- Other name: The Retail Doctor
- Occupations: Retail consultant, author
- Notable work: The Retail Doctor's Guide to Growing Your Business (2010)

= Bob Phibbs (retail consultant) =

American retail consultant and author

Bob Phibbs is an American retail consultant and author known as "The Retail Doctor". Earlier in his career he was a choral conductor in Long Beach, California, where he founded the South Coast Chorale.
==Career==
=== Retail===
Phibbs founded the retail consulting firm The Retail Doctor in 1994 and is known professionally as the Retail Doctor. He advises brick-and-mortar retailers on selling and customer experience. He is a frequent commentator on retail for business, trade, and consumer publications.

===Music===
Before his retail work, Phibbs was active in choral music in Long Beach. He was the director of the Long Beach Gay Men's Chorus and in 1990 founded the South Coast Chorale, which became the oldest resident company of the Carpenter Performing Arts Center at California State University, Long Beach. The Chorale described itself as an artistic voice of Long Beach's lesbian and gay community.

In January 1989, Phibbs served as the spokesman for a group of Long Beach gay arts organizations that publicly declined a $1,500 donation offered by Ozzy Osbourne as an apology for a remark made during a New Year's Eve concert at the Long Beach Arena, calling the amount inadequate.

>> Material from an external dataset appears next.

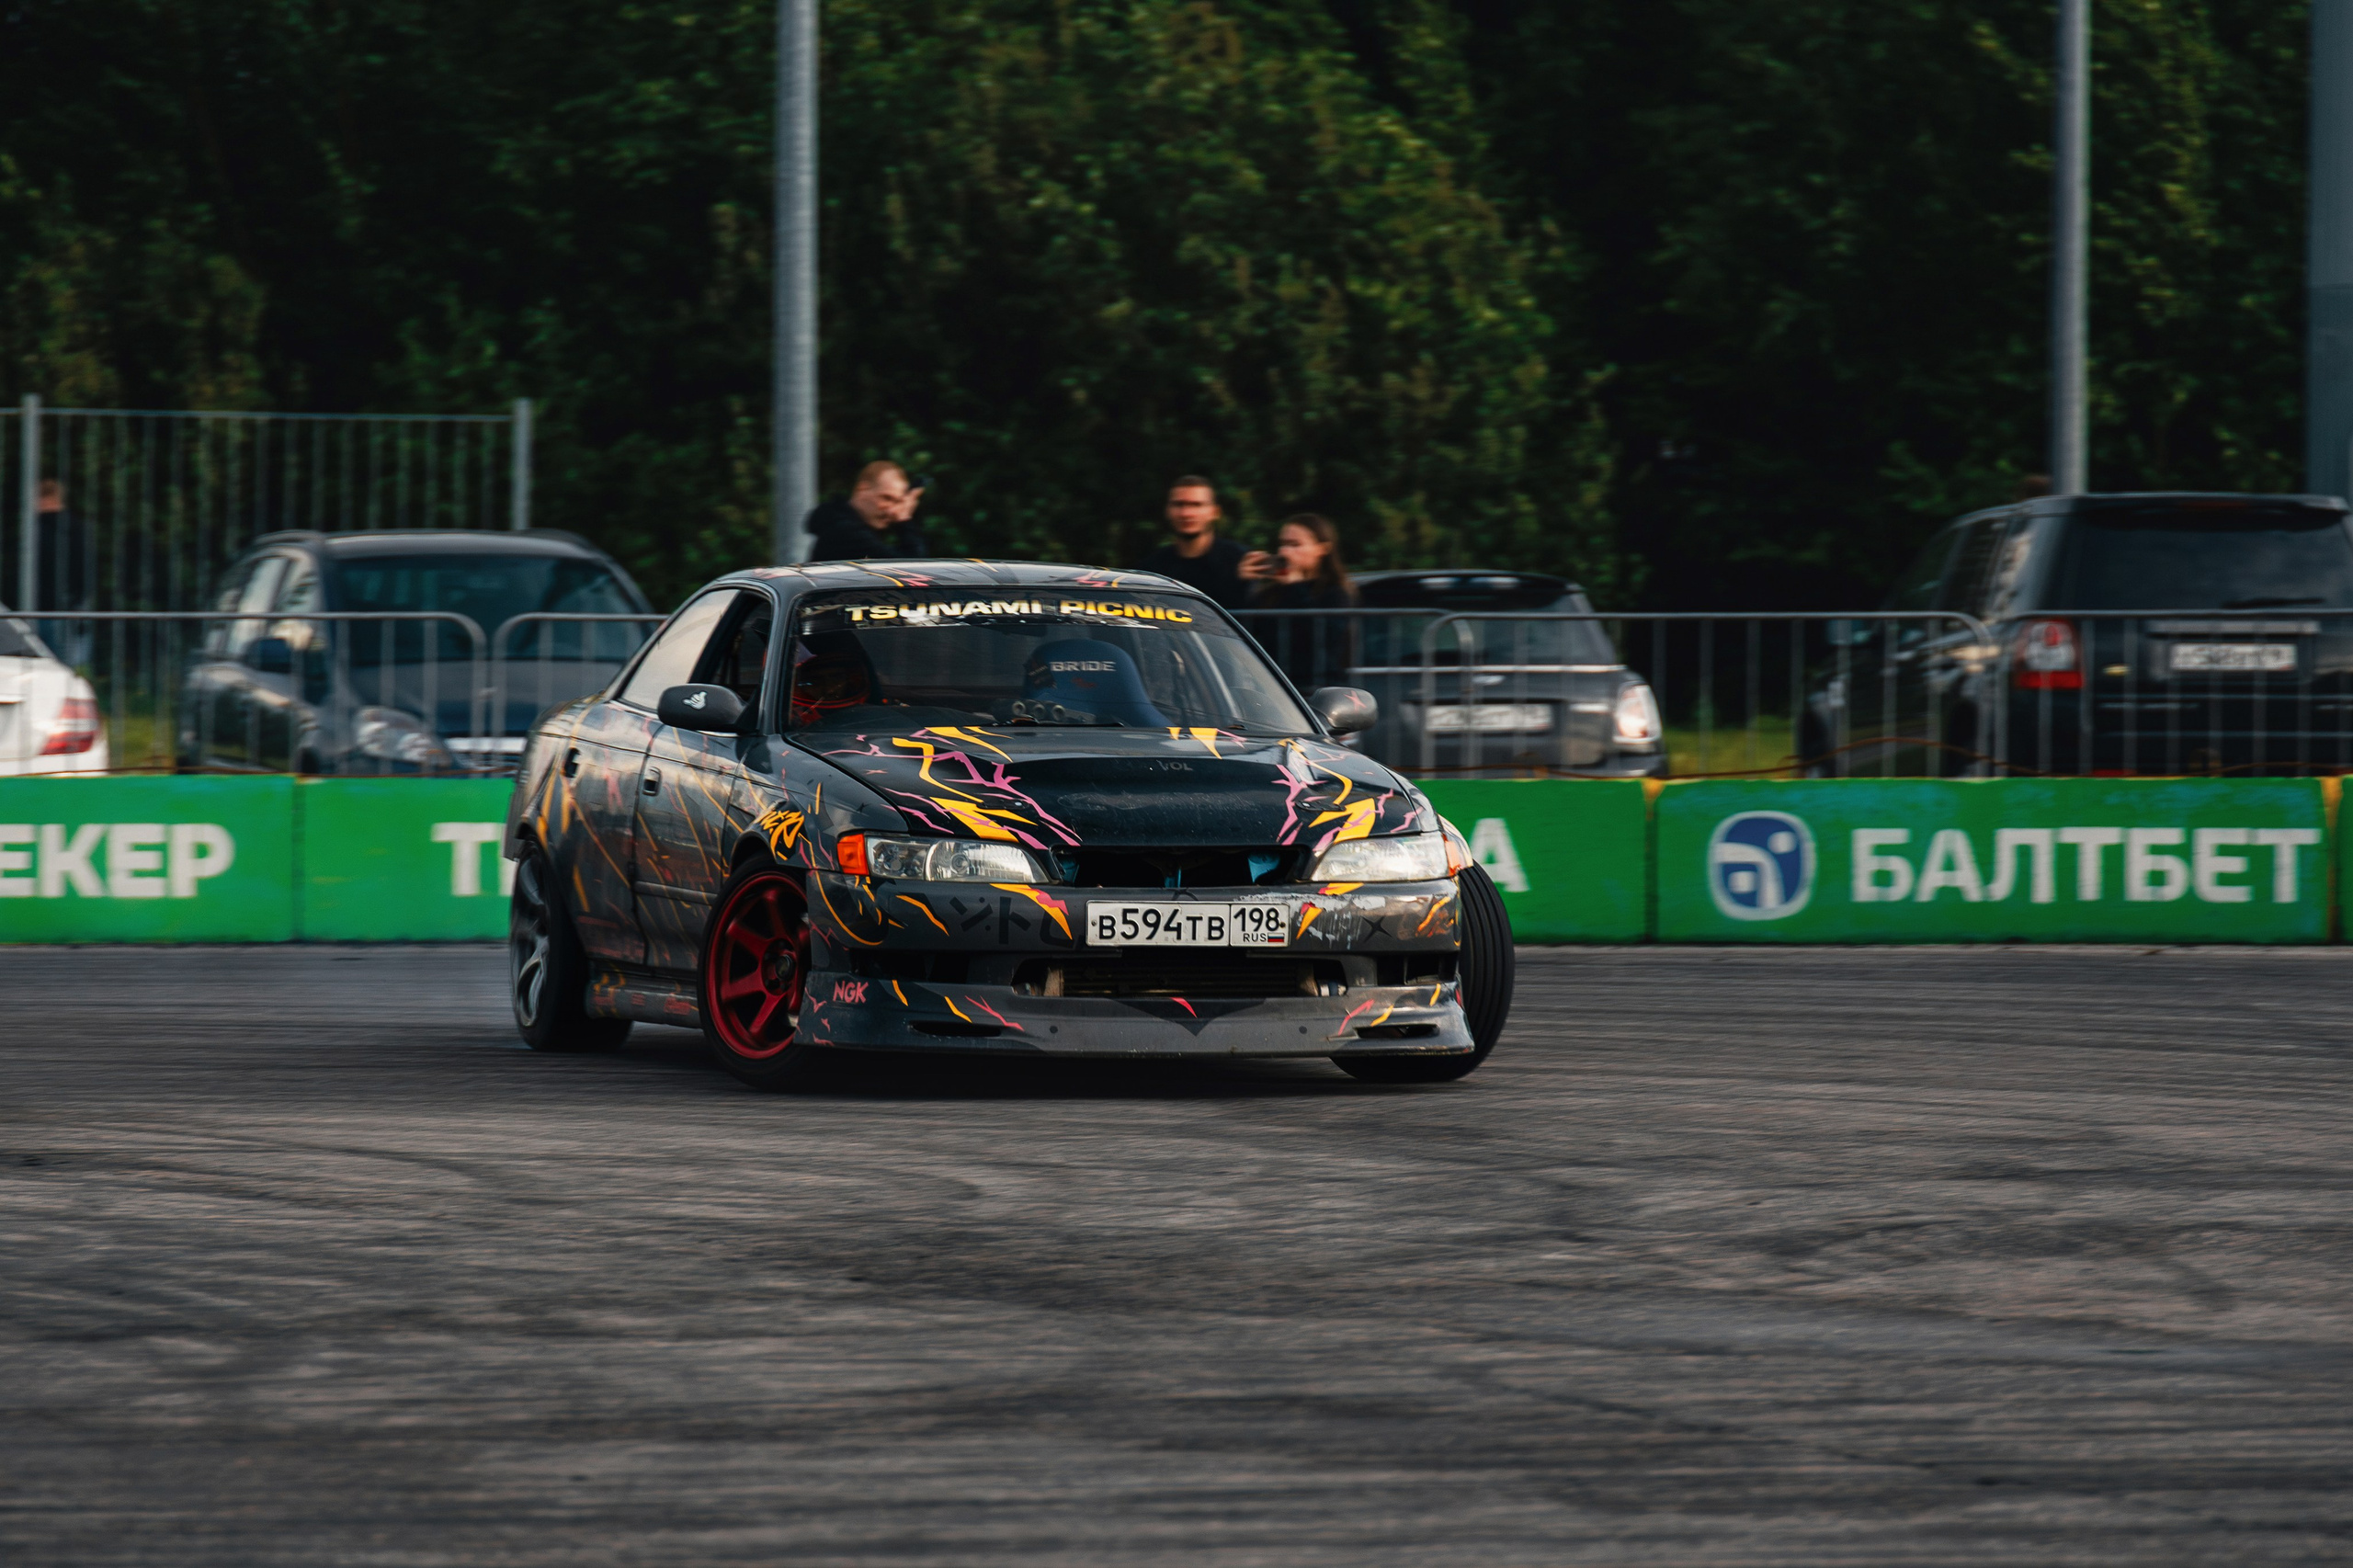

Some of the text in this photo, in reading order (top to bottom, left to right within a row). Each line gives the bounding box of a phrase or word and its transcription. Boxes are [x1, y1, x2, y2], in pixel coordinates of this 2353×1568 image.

Under Phibbs, the South Coast Chorale presented original and themed programs at the Carpenter Center. In May 1997 it premiered Out!, a performance of songs and monologues drawn from the chorale members' coming-out experiences with music Phibbs composed with Steven Landau. Los Angeles Times critic Don Heckman reviewed the premiere. The Chorale also presented the annual remembrance concert, Hope: A Time for Remembrance, which honors people lost to AIDS and breast cancer. In 2003 he co-produced a stage adaptation of Janell Cannon's children's book Stellaluna with students from a Long Beach elementary school.

== Book ==
- Phibbs, Bob; The Retail Doctor's Guide to Growing Your Business; May 3, 2010; John Wiley & Sons, pp 272; ISBN 9780470587171.